Find the slope of the line given its graph. (1 point) Responses 9 −9 negative 9 −4 1/2 negative 4 Start Fraction 1 over 2 End Fraction −1/9
Since we cannot see the graph of the line, we cannot determine the slope of the line.
To find the slope of a line given its graph, you need to identify two points on the line. Let's call these points (x1, y1) and (x2, y2).
Using the given options, we can check which one represents the slope of the line.

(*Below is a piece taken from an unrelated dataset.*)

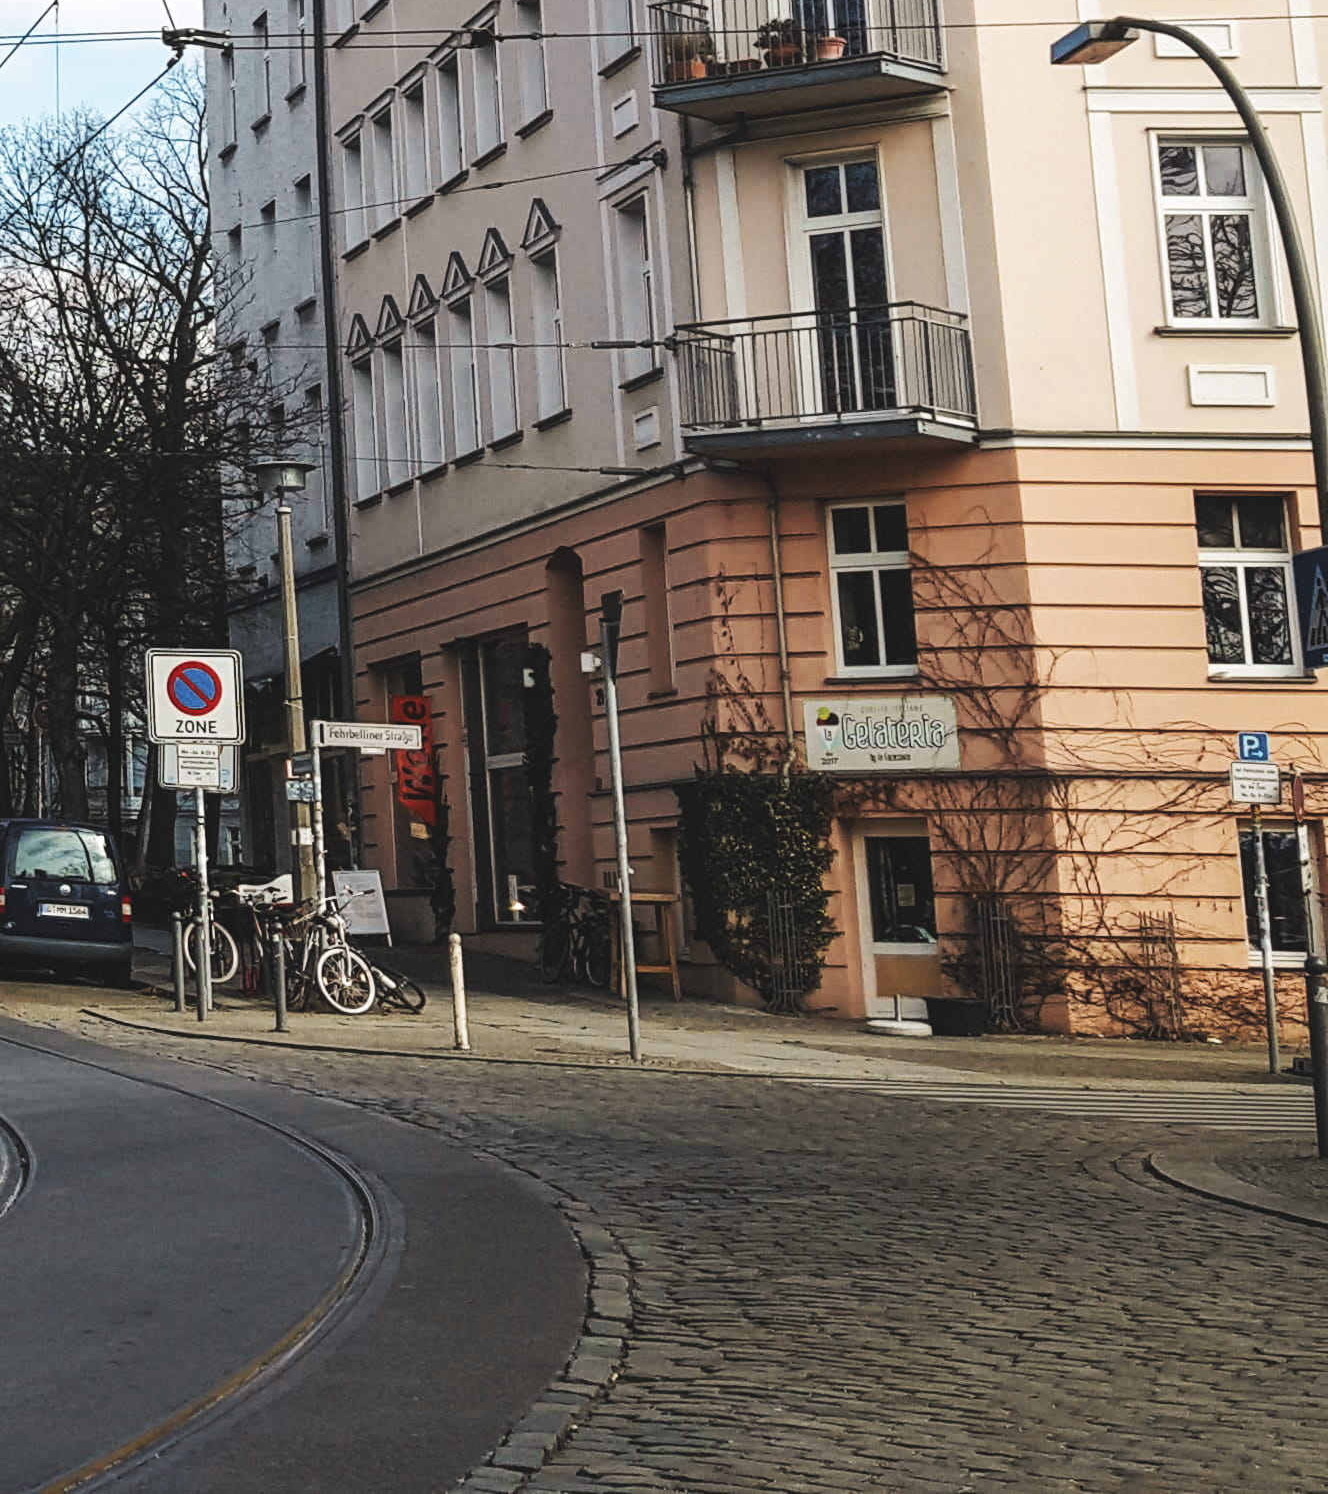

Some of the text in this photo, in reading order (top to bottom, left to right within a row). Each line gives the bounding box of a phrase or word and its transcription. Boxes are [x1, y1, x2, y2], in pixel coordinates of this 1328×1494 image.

[175, 719, 218, 734] ZONE
[328, 727, 414, 745] Fehrbelliner Straße
[1242, 735, 1260, 758] P
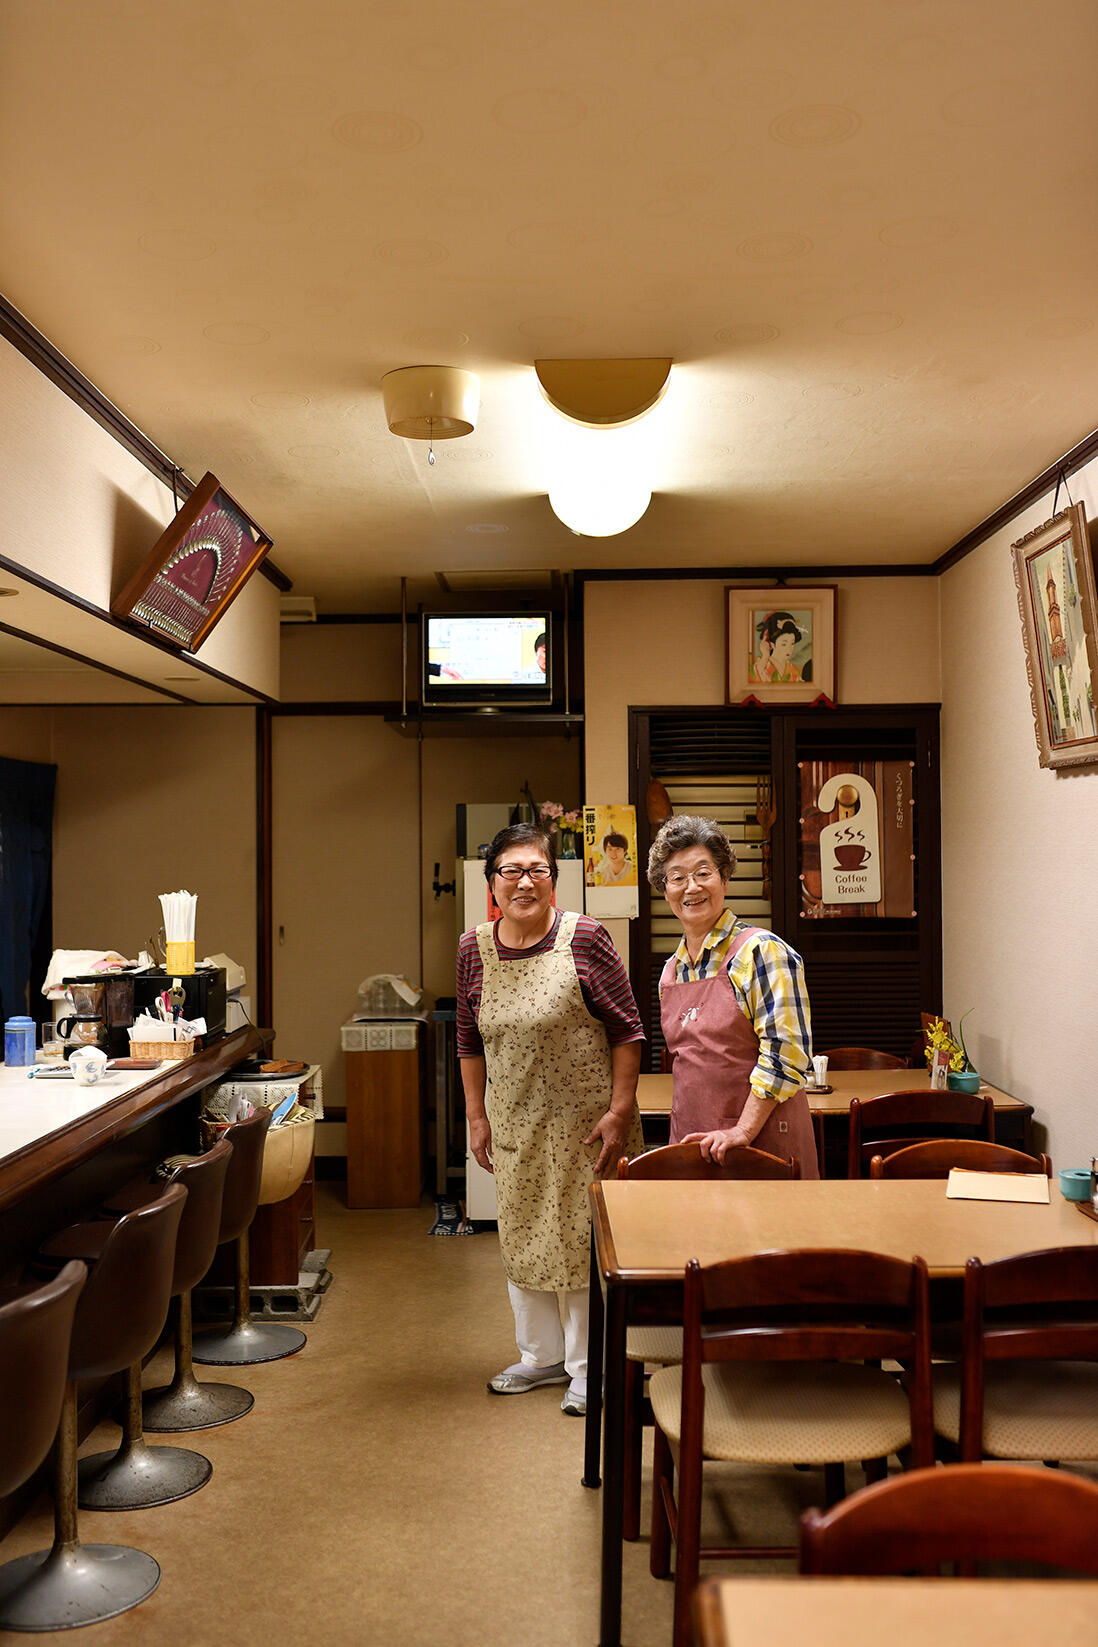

- 9: This is not the slope.
- -9: This is not the slope.
- -4: This is not the slope.
- 1/2: This could be the slope. Let's keep it as a possibility.
- -1/9: This could also be the slope.
Therefore, the possible slopes of the line are 1/2 and -1/9.
To find the slope of a line given its graph, you need to determine the change in y-coordinates divided by the change in x-coordinates between any two points on the line.
Let's denote the coordinates of two points on the line as (x₁, y₁) and (x₂, y₂). The slope of the line, denoted as m, can be calculated using the following formula:
m = (y₂ - y₁) / (x₂ - x₁)
Now let's consider the choices provided:
- 9
- -9
- -4
- 1/2
- -1/9
Without the specific points on the graph given, we cannot accurately determine the slope. The slope can only be calculated by comparing two specific points on the line. Therefore, the information provided does not allow us to find the slope of the line.